Farah, 34, has won the 5,000m and 10,000m titles at each of the past two Olympics.
Coe believes Farah's departure from the track - along with heptathlete Jessica Ennis-Hill's retirement, and long jumper Greg Rutherford's injury problems - also leaves British athletics in a transitional period.
"If you look at the medals British athletes have won in the past two or three Games, the bulk have come from three competitors so we need to spread that a little wider," he said.
What about the issue of hyperandrogenism?
The IAAF said last month it could reinstate gender tests for female athletes with high levels of testosterone after a new study found it gave them a "competitive advantage".
The Court of Arbitration for Sport (Cas) suspended the IAAF's hyperandrogenism rules for two years in July 2015, and gave the governing body until July 2017 to justify reinstating them.
"We've got to do it in a way that doesn't demonise athletes," Coe said. "This is a sensitive issue.
"It is my responsibility that we settle upon something that gives female athletes comfort that they are competing on a level playing field.
"Cas has asked us to go away and to present the science on this. This we will do."
Russia remains banned from competition
The IAAF has voted unanimously to maintain Russia's ban from international track and field competition as there are still issues that need to be resolved regarding the country's anti-doping fight.
Russia was accused in a World Anti-Doping Agency report last year of widespread state-sponsored doping. Its athletics team was barred from last summer's Rio Olympics and will also miss the World Championships.

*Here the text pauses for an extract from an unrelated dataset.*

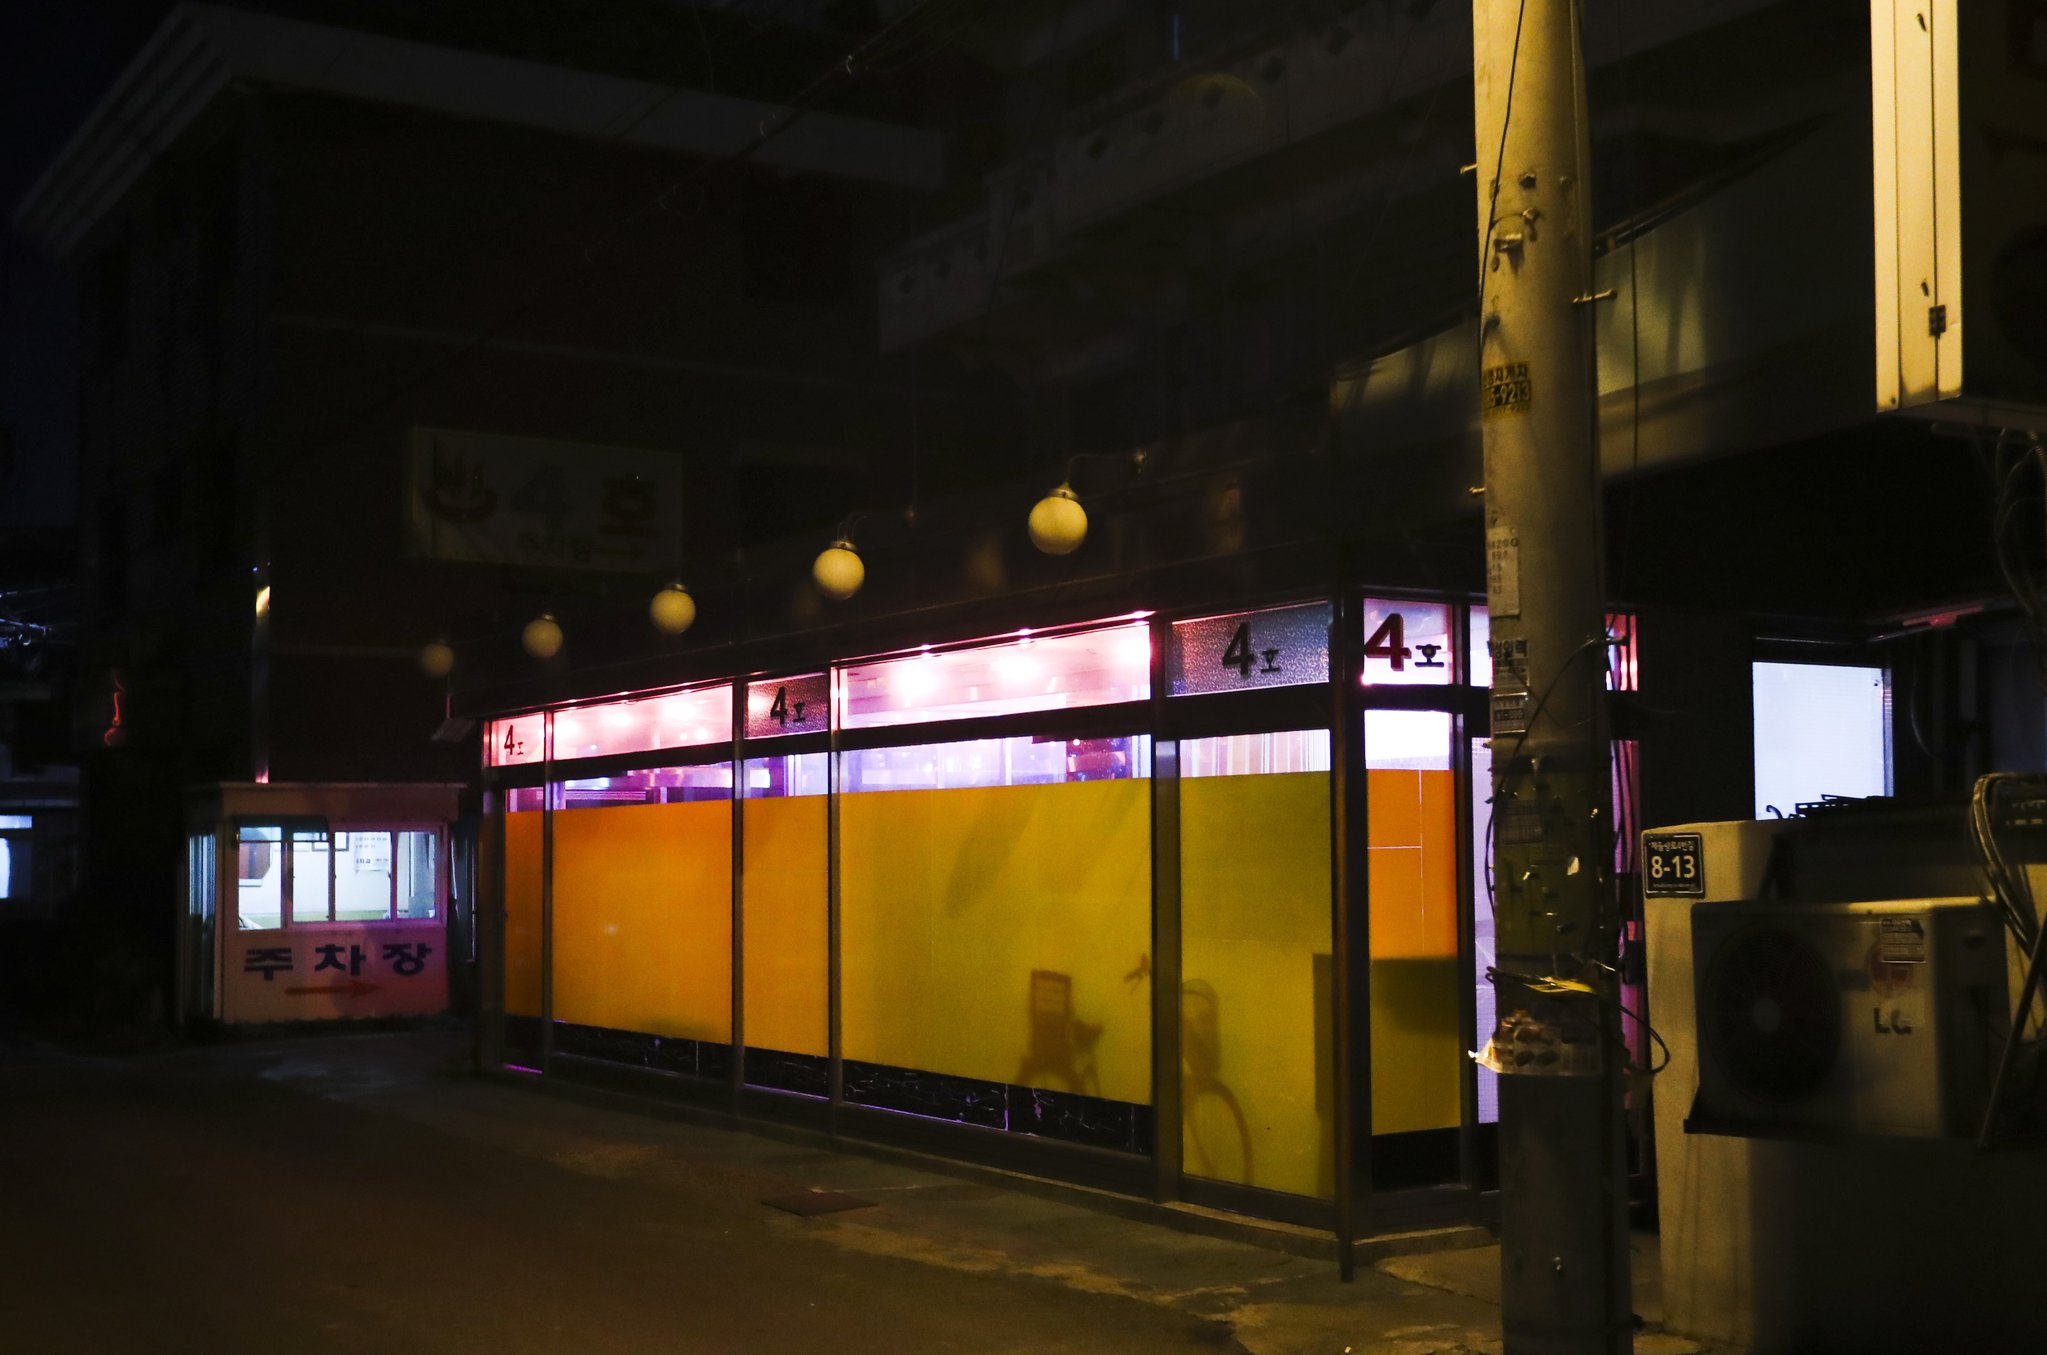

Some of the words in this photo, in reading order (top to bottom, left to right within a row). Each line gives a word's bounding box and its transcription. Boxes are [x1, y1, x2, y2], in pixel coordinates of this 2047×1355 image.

"Material progress has been made but there are still issues that need to be resolved," said Rune Andersen, independent chairman of the IAAF taskforce looking into doping in Russia.
"I can confirm that our impression is that they really want to meet all the criteria that has been set.
"The main issue is that no meaningful testing is being conducted."
Andersen said the Russian anti-doping agency is still not code-compliant and that Russian authorities must acknowledge the outcome of the McLaren report into doping in the country.
"It's difficult to get an excuse, but we need some sort of an explanation on how they deal with this report in the most effective way," he added.
Nineteen Russians will compete as neutrals in London and Andersen said he had noticed an encouraging change in culture "starting with the athletes".
However, he added there was still an issue with banned coaches continuing to operate freely, and stuck with the timeline of a Russian return to international action in November.